For 2555 days
I am currently in a state of reinvention, which, is interesting to say really, because I think for the most part, we all are. We are all trying to become the next best version of ourselves. But for me, I am kind of just touching my toes to the surface of the waters of reinvention, I've only been able to come that close. I recently separated from my partner of almost eight years and am living alone, in the city, for the first time as an adult, and it has been terrifying. But most of all, it has just been numb. Like, my body has been on overdrive and work has been overwhelming, so I haven't even had the time or space to even consider my reinvention... how I want it to look, how I am going to achieve it, etc. So in this poem I was really trying to convey the first steps, kind of the, out of the darkness into the sliver of light.. like a woman trying to discover the methods she will utilize to start to become her authentic self.
by Justine Goodchild
For 2555 days and nights I was with you.
Not just with you,
an extension of you.
My skin absorbed your flakes of skin as they fell invisibly
off of your arms and legs and blanketed my entire body.

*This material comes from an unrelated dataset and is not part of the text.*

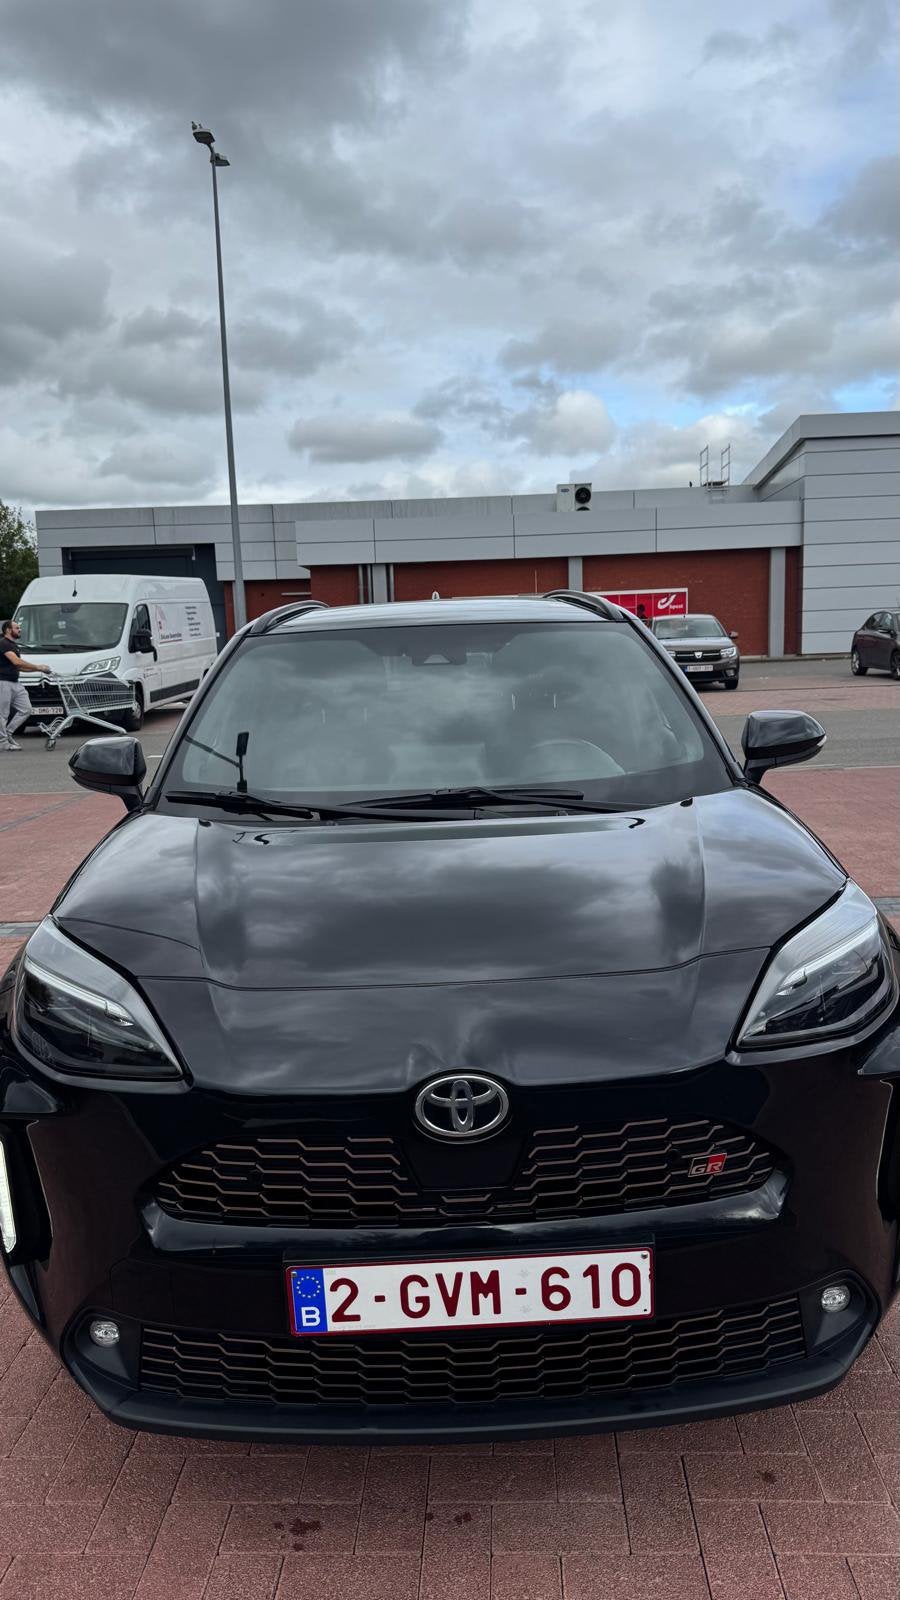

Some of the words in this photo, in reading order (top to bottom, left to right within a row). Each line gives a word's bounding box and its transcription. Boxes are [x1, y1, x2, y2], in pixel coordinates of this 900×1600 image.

[690, 1161, 722, 1175] GR
[329, 1262, 642, 1323] 2-GVM-610
[301, 1306, 321, 1327] B

Concurrently my flakes combatted your flakes and you absorbed me,
And we walked around just being each other.
For 2555 nights I breathed in your recycled air.
Your open mouth next to mine,
with your ever anxious body finally at peace,
you fed me your dreams through carbon dioxide exchange.
I'd get high high high,
Even at our proximity we never managed to poison one another.
For 2555 days,
when you spoke,
my lips mimicked the words you would say,
my body memorized how to predict them.
Sometimes we grew suspicious of who was actually speaking.

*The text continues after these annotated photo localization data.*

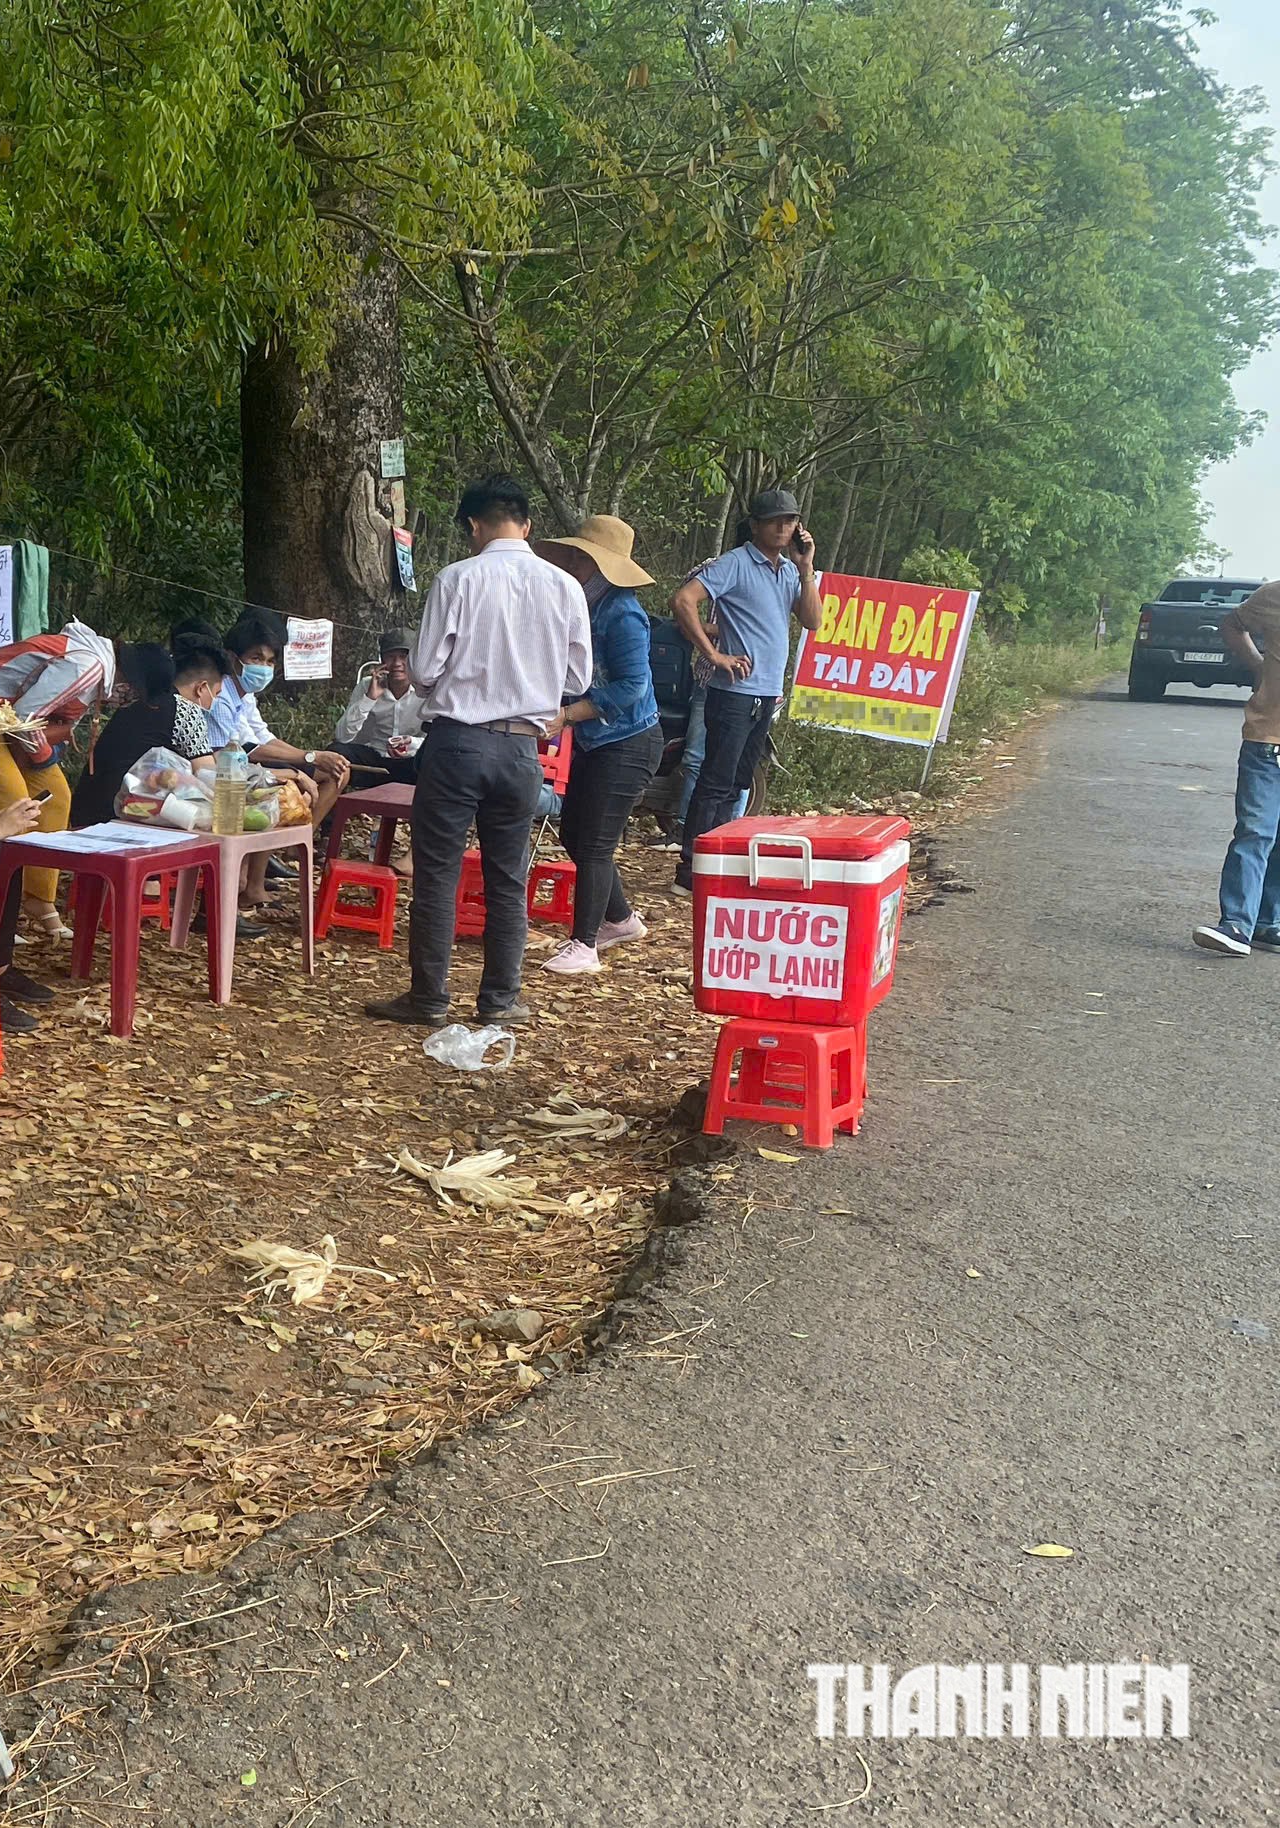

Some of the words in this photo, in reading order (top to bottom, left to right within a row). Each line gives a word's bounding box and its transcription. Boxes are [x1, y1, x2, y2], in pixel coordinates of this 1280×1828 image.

[814, 586, 886, 651] BÁN
[888, 593, 958, 661] ĐẤT
[813, 653, 862, 689] TẠI
[869, 661, 937, 696] ĐÂY
[713, 906, 839, 948] NƯỚC
[708, 944, 761, 981] ƯỚP
[768, 954, 840, 992] LẠNH

We shared cups and food and forks and blankets,
For 2555 days we invented intimacy.
For 20 days I have been reinventing.
I discovered my lips static,
like without your mouth I'd lost the ability to speak,
I had no clue what to say,
I opened my new bedroom window and breathed in the breath of my neighbours.
I began speaking in Portuguese in my dreams.
I started breakdancing in my sleep
to the boom box that would play in the park after dark.
And when I woke up I realized I wasn't you anymore,
I was everybody.
But I still wasn't me.
So I took cold showers.
I closed my windows.
I lay on my bed and watched as an anxious fly buzzed around and around my room.
Maybe he was asking for the way out,
but I couldn’t answer.
I took more cold showers.
I started playing the trumpet.
I bought plants and filled all of my windowsills.
I watched daddy long legs trapeze down my walls and I eagerly shared my space with them.
I woke up one morning and I saw the fly,
my obnoxious friend.
His legs were stiff, his wings frozen in his final desperate flutter.
And I mourned him as if I were mourning the loss of our 2555 days.
I mourned my lost opportunity of releasing him.
Tears fell down my cheeks,
streaking the windowpane.
And then I finally spoke.
And my very first word was "goodbye".